Do You Have Enough Energy for Your Workday?
A day without oil and natural gas would be a huge disruption for you and the people you depend on. Consider just these three jobs: teacher, farmer and doctor. Chances are, a teacher could still educate children, but how effectively? Technology on a farm would drastically diminish, fewer crops would be grown and supply would plummet. And, imagine going to your doctor and she has no access to modern medicines and medical equipment – a day without oil becomes life-threatening.
Your child’s elementary school teacher arrives at her classroom and there are no student paintings taped to the walls, no vinyl or carpet covering the floors, and children’s feet are bare because shoes are made from petroleum-based products. She wouldn’t be able to grade homework with a ballpoint pen because it is often made with thermosetting plastics, or hydrocarbon phenolic resins and the ink inside from particles of carbon black and polymer. Children’s creativity would be stifled when there is no glue to hold their arts and crafts together, nor crayons to color. Not to mention, glue is a major component in book spines, which hold pages together. And, imagine the school playground with no slide, swings, monkey bars, hula hoops and soccer balls.
On a farm without gas-powered tractors and cultivators, a farmer would be transported back to a world akin to the pre-Industrial Revolution. Production would slow down dramatically, possibly returning to similar yields from the days when a horse or an ox pulled machinery on wooden wheels, and the world’s population included six billion fewer mouths to feed. It would also result in increased costs and slower delivery to the consumer. Modern food delivery depends on petroleum-based transportation by more than 15 million trucks that operate across the United States. Before the Industrial Revolution and the ability to mass-deliver goods, living conditions were severely diminished for those in the working class. And forget about refrigeration to keep food fresh. According to the United Nations, “with more than 800 million people worldwide who lack access to healthy, nutritious food,” today’s farmers also play a vital role in the global war on hunger.

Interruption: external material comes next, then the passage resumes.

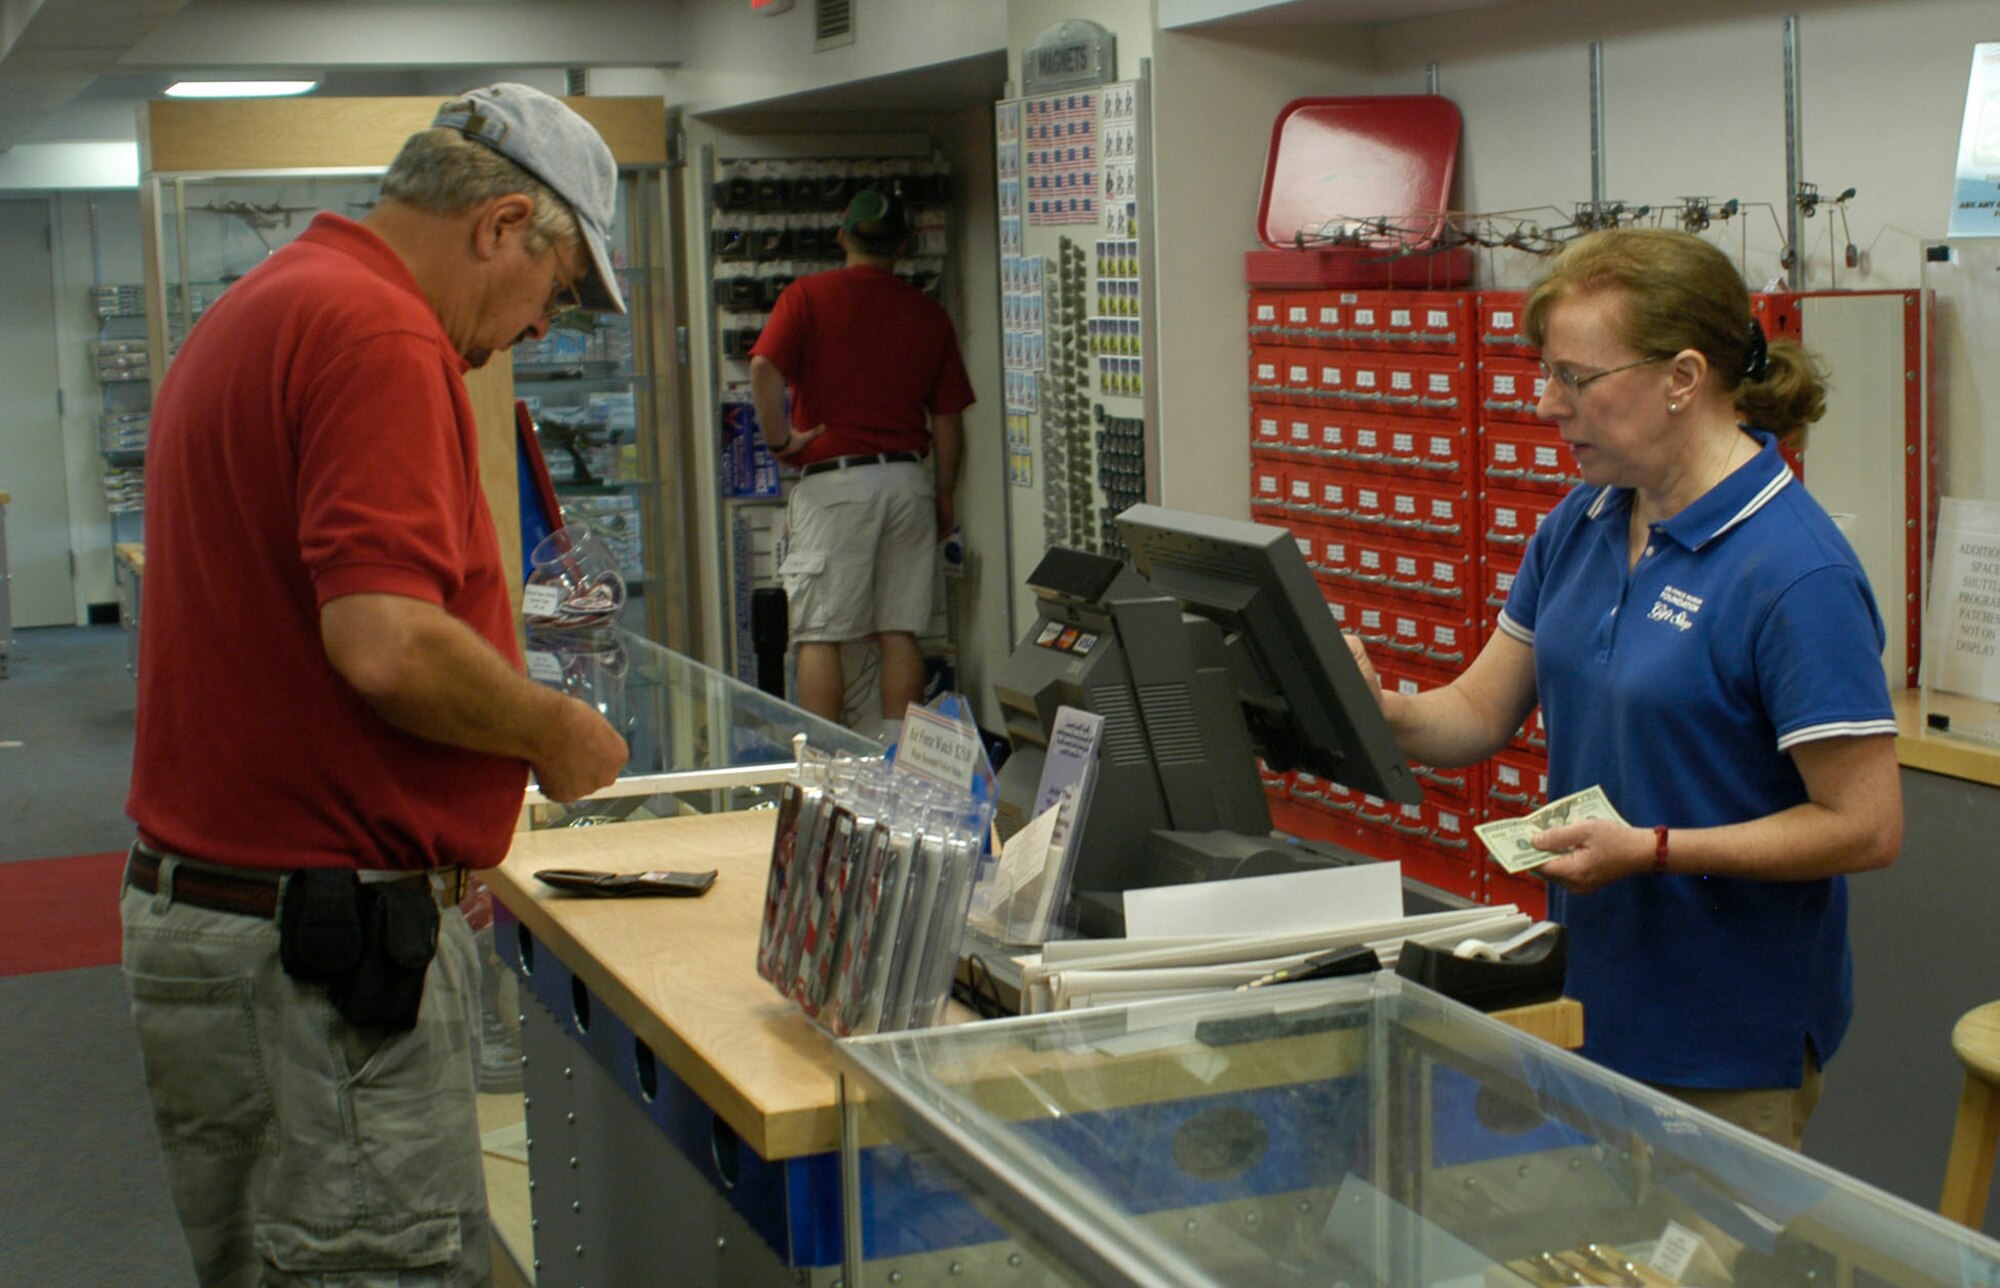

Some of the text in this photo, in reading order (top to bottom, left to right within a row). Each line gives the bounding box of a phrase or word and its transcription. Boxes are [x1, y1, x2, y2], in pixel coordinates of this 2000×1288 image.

[1038, 46, 1087, 76] MAGNETS
[1960, 624, 1996, 640] NOT ON
[1956, 639, 1997, 656] DISPLAY

In a hospital that operates 24 hours a day, large amounts of energy, specifically natural gas and electricity, are consumed. According to the U.S. Energy Information Administration, in 2007, large hospital buildings consumed 408 trillion Btu (the most often used measure of power) of natural gas, electricity and fuel oil. Without this energy, heart monitors and oxygen machines would not run and a doctor would have no lights in an operating room. When it came to treating patients, a doctor would not have access to medicines such as aspirin, antiseptics and many prescription medicines. There also would be no needles for injections or IV bags to hang, and medical records would no longer be digital. In a doctor’s world, without the use of oil and gas, lives would be put in jeopardy.